[WHAT TO WORK ON]
Every entry, from first to last, is to be written out exactly.

Collected data

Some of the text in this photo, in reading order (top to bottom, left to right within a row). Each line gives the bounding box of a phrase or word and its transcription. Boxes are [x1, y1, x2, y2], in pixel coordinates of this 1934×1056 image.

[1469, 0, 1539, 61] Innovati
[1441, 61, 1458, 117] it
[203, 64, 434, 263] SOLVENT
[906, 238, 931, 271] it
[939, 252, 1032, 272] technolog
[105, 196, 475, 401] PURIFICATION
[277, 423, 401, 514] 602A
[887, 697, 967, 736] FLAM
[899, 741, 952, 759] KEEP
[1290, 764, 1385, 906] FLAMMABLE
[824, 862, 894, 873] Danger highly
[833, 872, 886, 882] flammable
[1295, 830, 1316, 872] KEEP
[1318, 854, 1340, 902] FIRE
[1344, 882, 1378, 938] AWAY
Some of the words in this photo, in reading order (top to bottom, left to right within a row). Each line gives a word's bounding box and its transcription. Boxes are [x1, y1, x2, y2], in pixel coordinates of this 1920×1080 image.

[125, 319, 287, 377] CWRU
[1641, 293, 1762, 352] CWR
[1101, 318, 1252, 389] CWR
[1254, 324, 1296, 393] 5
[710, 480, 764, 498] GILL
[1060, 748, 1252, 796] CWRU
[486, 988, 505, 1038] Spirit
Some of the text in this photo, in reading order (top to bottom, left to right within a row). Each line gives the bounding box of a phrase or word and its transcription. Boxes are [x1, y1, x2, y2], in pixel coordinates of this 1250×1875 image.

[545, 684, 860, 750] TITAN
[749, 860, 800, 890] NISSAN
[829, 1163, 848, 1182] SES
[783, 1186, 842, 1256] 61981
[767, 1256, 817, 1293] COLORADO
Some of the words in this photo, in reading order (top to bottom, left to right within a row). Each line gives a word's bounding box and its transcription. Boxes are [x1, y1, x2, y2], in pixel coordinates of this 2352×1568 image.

[THE ANSWER]
Some of the text in this photo, in reading order (top to bottom, left to right within a row). Each line gives the bounding box of a phrase or word and its transcription. Boxes are [x1, y1, x2, y2], in pixel coordinates of this 1934×1056 image.

[1469, 0, 1539, 61] Innovati
[1441, 61, 1458, 117] it
[203, 64, 434, 263] SOLVENT
[906, 238, 931, 271] it
[939, 252, 1032, 272] technolog
[105, 196, 475, 401] PURIFICATION
[277, 423, 401, 514] 602A
[887, 697, 967, 736] FLAM
[899, 741, 952, 759] KEEP
[1290, 764, 1385, 906] FLAMMABLE
[824, 862, 894, 873] Danger highly
[833, 872, 886, 882] flammable
[1295, 830, 1316, 872] KEEP
[1318, 854, 1340, 902] FIRE
[1344, 882, 1378, 938] AWAY
Some of the words in this photo, in reading order (top to bottom, left to right within a row). Each line gives a word's bounding box and its transcription. Boxes are [x1, y1, x2, y2], in pixel coordinates of this 1920×1080 image.

[125, 319, 287, 377] CWRU
[1641, 293, 1762, 352] CWR
[1101, 318, 1252, 389] CWR
[1254, 324, 1296, 393] 5
[710, 480, 764, 498] GILL
[1060, 748, 1252, 796] CWRU
[486, 988, 505, 1038] Spirit
Some of the text in this photo, in reading order (top to bottom, left to right within a row). Each line gives the bounding box of a phrase or word and its transcription. Boxes are [x1, y1, x2, y2], in pixel coordinates of this 1250×1875 image.

[545, 684, 860, 750] TITAN
[749, 860, 800, 890] NISSAN
[829, 1163, 848, 1182] SES
[783, 1186, 842, 1256] 61981
[767, 1256, 817, 1293] COLORADO
Some of the words in this photo, in reading order (top to bottom, left to right within a row). Each line gives a word's bounding box and its transcription. Boxes are [x1, y1, x2, y2], in pixel coordinates of this 2352×1568 image.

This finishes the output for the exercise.